#### Free-text object descriptions:
== Segment start ==

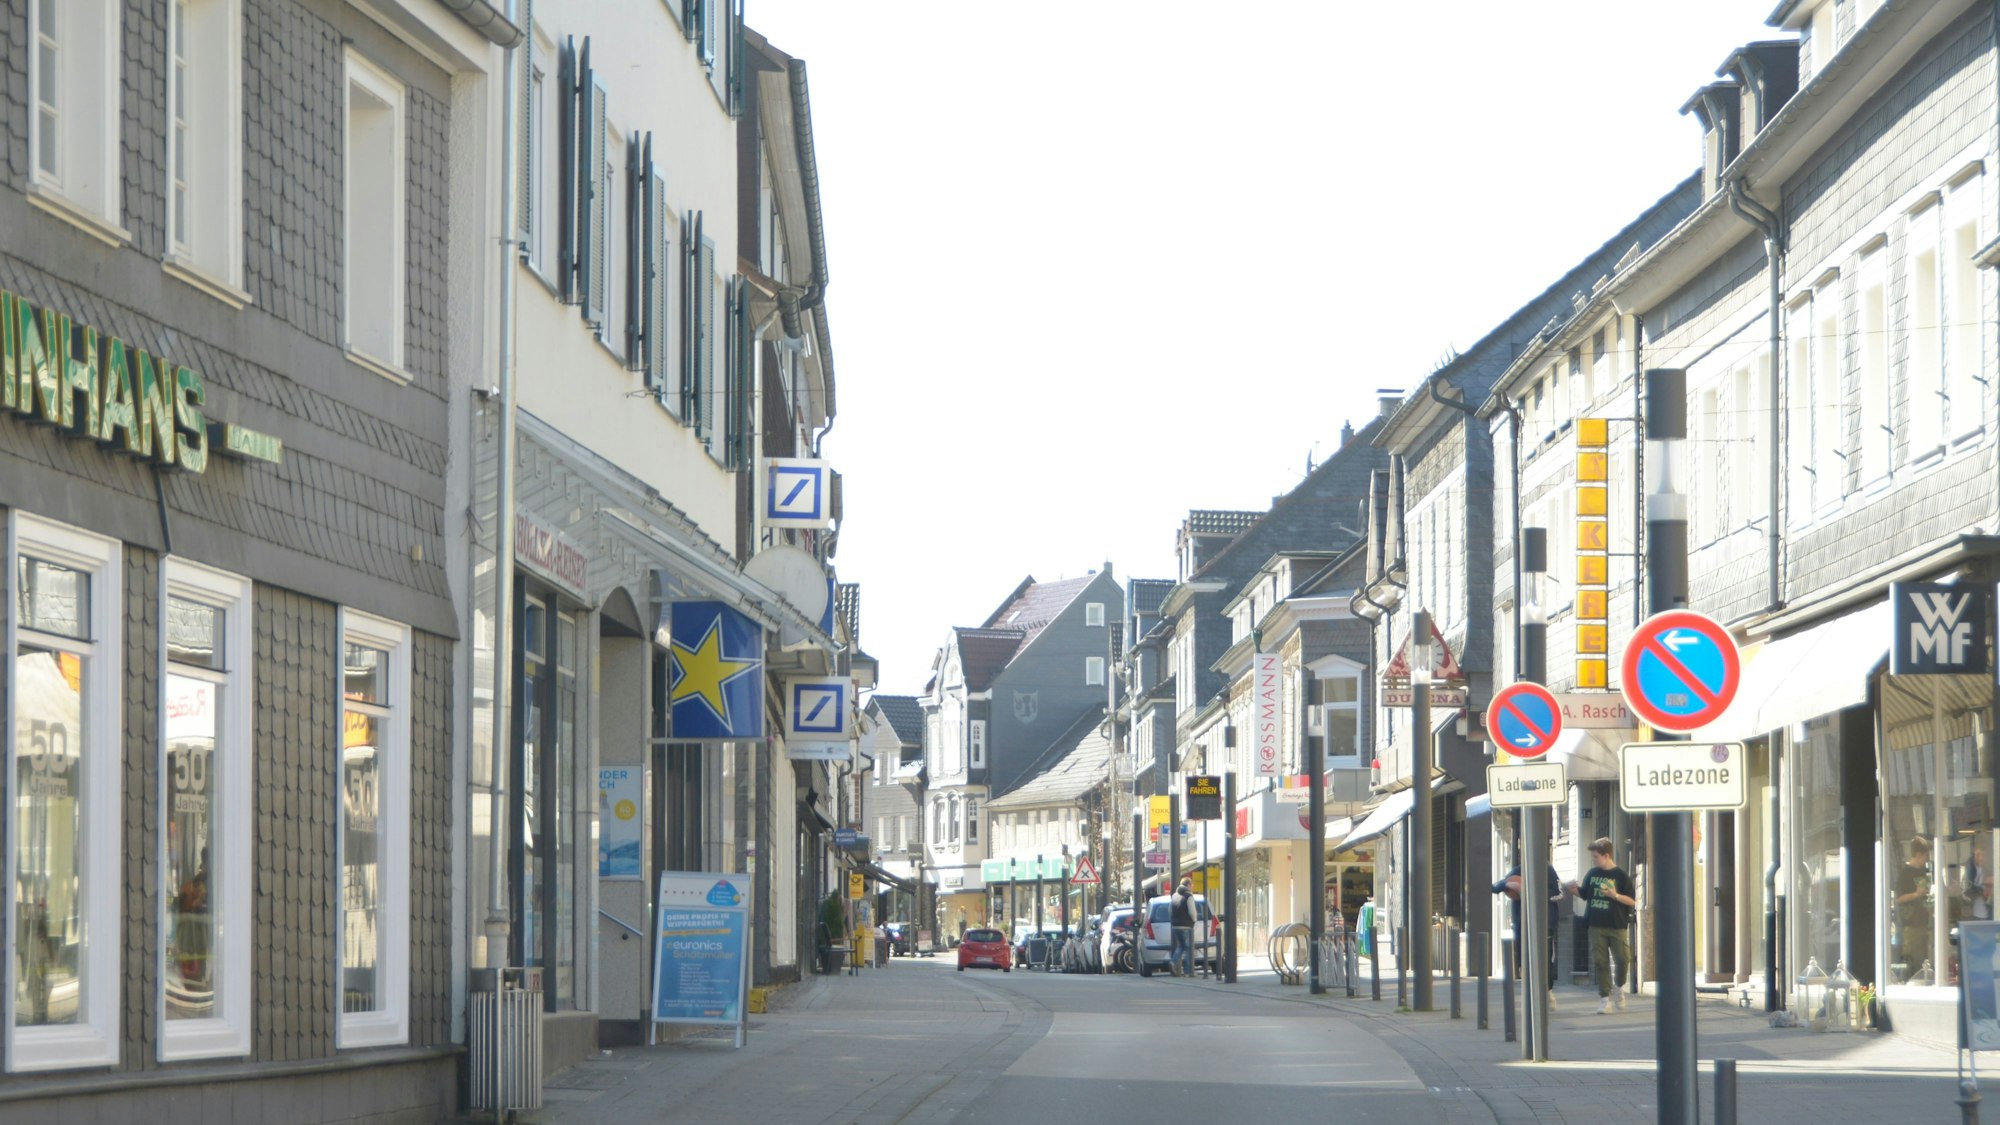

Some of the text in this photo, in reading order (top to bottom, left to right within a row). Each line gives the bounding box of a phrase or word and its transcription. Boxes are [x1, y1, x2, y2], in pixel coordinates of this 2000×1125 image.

[1582, 420, 1604, 687] ÄCKEREI
[1908, 592, 1971, 664] WMF
[1387, 694, 1462, 703] DUNA
[1260, 657, 1275, 773] ROSSMANN
[1562, 703, 1627, 719] A. Rasch
[30, 719, 68, 773] 50
[175, 743, 207, 791] 50
[1636, 764, 1730, 787] Ladezone
[31, 778, 67, 796] Jahre
[1189, 786, 1217, 795] FAHREN
[1197, 778, 1209, 787] SIE
[1497, 776, 1557, 792] Ladone
[176, 796, 206, 812] Jahre
[672, 940, 723, 951] euronics
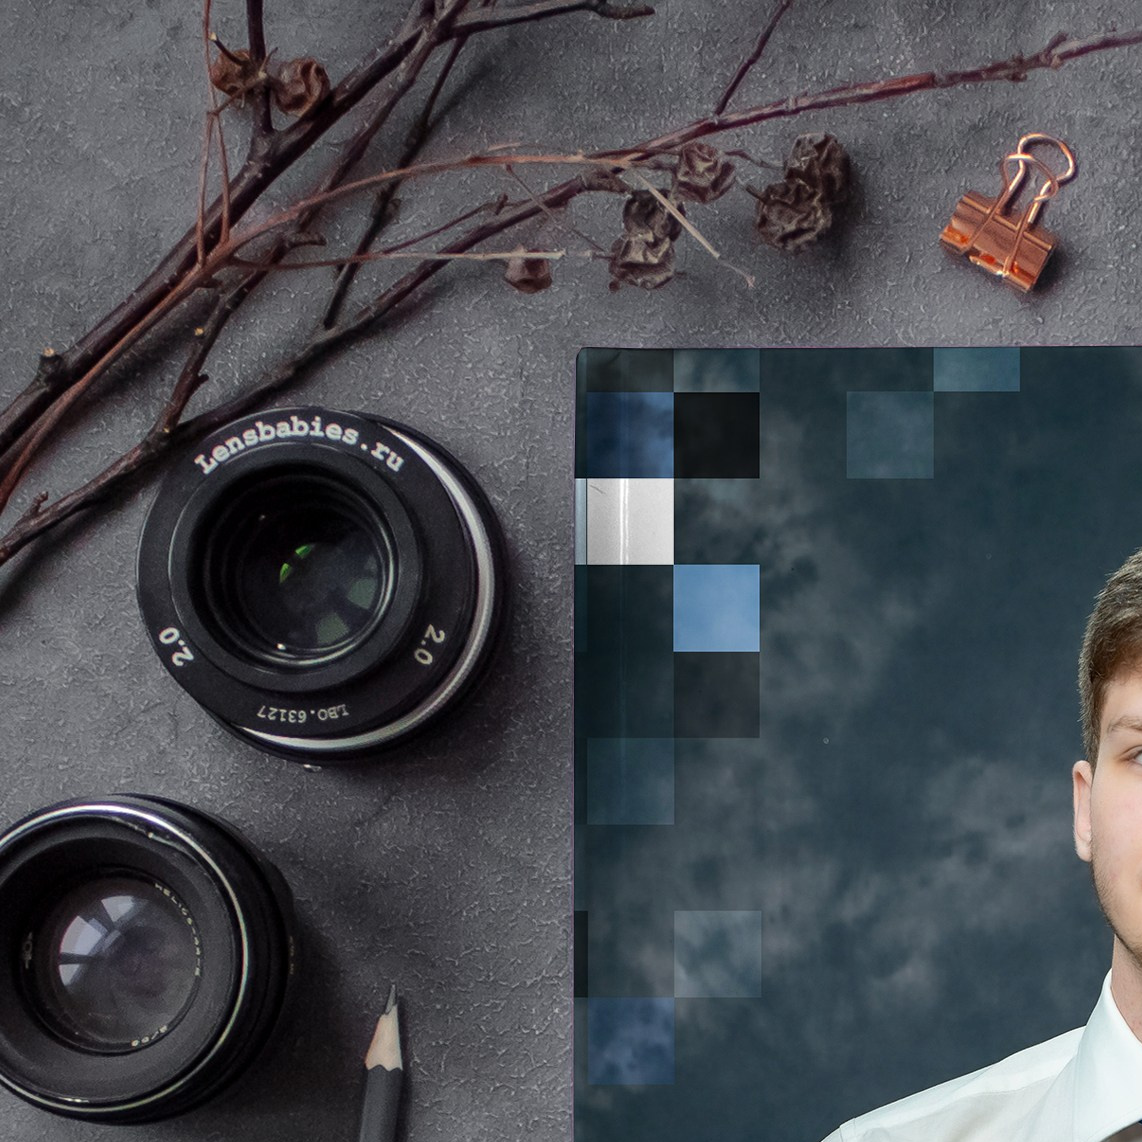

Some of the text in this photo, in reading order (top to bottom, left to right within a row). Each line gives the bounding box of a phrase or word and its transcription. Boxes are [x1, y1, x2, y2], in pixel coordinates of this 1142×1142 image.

== Segment end ==

#### What to do:
Apart from the pictures, every line of the data above should be given again exactly.

#### Task solution:
Some of the text in this photo, in reading order (top to bottom, left to right within a row). Each line gives the bounding box of a phrase or word and its transcription. Boxes are [x1, y1, x2, y2], in pixel coordinates of this 2000×1125 image.

[1582, 420, 1604, 687] ÄCKEREI
[1908, 592, 1971, 664] WMF
[1387, 694, 1462, 703] DUNA
[1260, 657, 1275, 773] ROSSMANN
[1562, 703, 1627, 719] A. Rasch
[30, 719, 68, 773] 50
[175, 743, 207, 791] 50
[1636, 764, 1730, 787] Ladezone
[31, 778, 67, 796] Jahre
[1189, 786, 1217, 795] FAHREN
[1197, 778, 1209, 787] SIE
[1497, 776, 1557, 792] Ladone
[176, 796, 206, 812] Jahre
[672, 940, 723, 951] euronics

Some of the text in this photo, in reading order (top to bottom, left to right within a row). Each line gives the bounding box of a phrase or word and its transcription. Boxes are [x1, y1, x2, y2], in pixel coordinates of this 1142×1142 image.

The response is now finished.